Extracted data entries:
+ + + + +

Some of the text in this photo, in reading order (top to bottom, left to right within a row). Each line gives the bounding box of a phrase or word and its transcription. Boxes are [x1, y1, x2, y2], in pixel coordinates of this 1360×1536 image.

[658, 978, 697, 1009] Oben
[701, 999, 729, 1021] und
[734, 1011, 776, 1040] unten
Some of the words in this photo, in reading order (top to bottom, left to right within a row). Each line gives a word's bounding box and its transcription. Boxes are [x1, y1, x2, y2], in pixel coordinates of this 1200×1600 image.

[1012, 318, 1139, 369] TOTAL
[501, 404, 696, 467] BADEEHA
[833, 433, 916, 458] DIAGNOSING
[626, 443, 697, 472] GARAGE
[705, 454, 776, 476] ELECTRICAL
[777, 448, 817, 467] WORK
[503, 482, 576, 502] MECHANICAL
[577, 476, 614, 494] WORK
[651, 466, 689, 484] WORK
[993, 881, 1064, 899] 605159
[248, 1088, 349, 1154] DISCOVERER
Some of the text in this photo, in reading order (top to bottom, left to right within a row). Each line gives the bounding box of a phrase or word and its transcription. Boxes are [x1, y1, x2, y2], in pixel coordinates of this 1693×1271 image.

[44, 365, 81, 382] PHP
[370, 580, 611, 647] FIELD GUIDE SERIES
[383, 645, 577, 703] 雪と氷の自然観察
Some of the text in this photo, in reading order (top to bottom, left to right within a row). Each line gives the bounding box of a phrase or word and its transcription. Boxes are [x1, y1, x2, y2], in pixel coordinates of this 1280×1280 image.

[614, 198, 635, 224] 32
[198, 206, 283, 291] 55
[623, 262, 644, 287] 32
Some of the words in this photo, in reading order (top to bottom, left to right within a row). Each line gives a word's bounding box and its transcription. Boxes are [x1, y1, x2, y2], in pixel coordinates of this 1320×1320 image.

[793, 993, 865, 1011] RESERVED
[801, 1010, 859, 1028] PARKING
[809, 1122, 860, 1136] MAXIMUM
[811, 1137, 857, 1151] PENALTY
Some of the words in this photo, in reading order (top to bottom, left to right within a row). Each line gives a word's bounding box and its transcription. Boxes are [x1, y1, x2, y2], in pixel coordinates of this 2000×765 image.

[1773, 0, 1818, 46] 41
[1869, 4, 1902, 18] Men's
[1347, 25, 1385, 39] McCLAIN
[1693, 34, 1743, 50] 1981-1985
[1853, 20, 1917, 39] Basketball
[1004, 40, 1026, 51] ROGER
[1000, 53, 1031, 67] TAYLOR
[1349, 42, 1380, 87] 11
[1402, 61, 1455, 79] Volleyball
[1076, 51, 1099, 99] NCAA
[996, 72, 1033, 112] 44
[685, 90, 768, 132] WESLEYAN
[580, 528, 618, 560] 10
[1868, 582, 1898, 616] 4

+ + + + +

Reproduce the records word for word.

Some of the text in this photo, in reading order (top to bottom, left to right within a row). Each line gives the bounding box of a phrase or word and its transcription. Boxes are [x1, y1, x2, y2], in pixel coordinates of this 1360×1536 image.

[658, 978, 697, 1009] Oben
[701, 999, 729, 1021] und
[734, 1011, 776, 1040] unten
Some of the words in this photo, in reading order (top to bottom, left to right within a row). Each line gives a word's bounding box and its transcription. Boxes are [x1, y1, x2, y2], in pixel coordinates of this 1200×1600 image.

[1012, 318, 1139, 369] TOTAL
[501, 404, 696, 467] BADEEHA
[833, 433, 916, 458] DIAGNOSING
[626, 443, 697, 472] GARAGE
[705, 454, 776, 476] ELECTRICAL
[777, 448, 817, 467] WORK
[503, 482, 576, 502] MECHANICAL
[577, 476, 614, 494] WORK
[651, 466, 689, 484] WORK
[993, 881, 1064, 899] 605159
[248, 1088, 349, 1154] DISCOVERER
Some of the text in this photo, in reading order (top to bottom, left to right within a row). Each line gives the bounding box of a phrase or word and its transcription. Boxes are [x1, y1, x2, y2], in pixel coordinates of this 1693×1271 image.

[44, 365, 81, 382] PHP
[370, 580, 611, 647] FIELD GUIDE SERIES
[383, 645, 577, 703] 雪と氷の自然観察
Some of the text in this photo, in reading order (top to bottom, left to right within a row). Each line gives the bounding box of a phrase or word and its transcription. Boxes are [x1, y1, x2, y2], in pixel coordinates of this 1280×1280 image.

[614, 198, 635, 224] 32
[198, 206, 283, 291] 55
[623, 262, 644, 287] 32
Some of the words in this photo, in reading order (top to bottom, left to right within a row). Each line gives a word's bounding box and its transcription. Boxes are [x1, y1, x2, y2], in pixel coordinates of this 1320×1320 image.

[793, 993, 865, 1011] RESERVED
[801, 1010, 859, 1028] PARKING
[809, 1122, 860, 1136] MAXIMUM
[811, 1137, 857, 1151] PENALTY
Some of the words in this photo, in reading order (top to bottom, left to right within a row). Each line gives a word's bounding box and its transcription. Boxes are [x1, y1, x2, y2], in pixel coordinates of this 2000×765 image.

[1773, 0, 1818, 46] 41
[1869, 4, 1902, 18] Men's
[1347, 25, 1385, 39] McCLAIN
[1693, 34, 1743, 50] 1981-1985
[1853, 20, 1917, 39] Basketball
[1004, 40, 1026, 51] ROGER
[1000, 53, 1031, 67] TAYLOR
[1349, 42, 1380, 87] 11
[1402, 61, 1455, 79] Volleyball
[1076, 51, 1099, 99] NCAA
[996, 72, 1033, 112] 44
[685, 90, 768, 132] WESLEYAN
[580, 528, 618, 560] 10
[1868, 582, 1898, 616] 4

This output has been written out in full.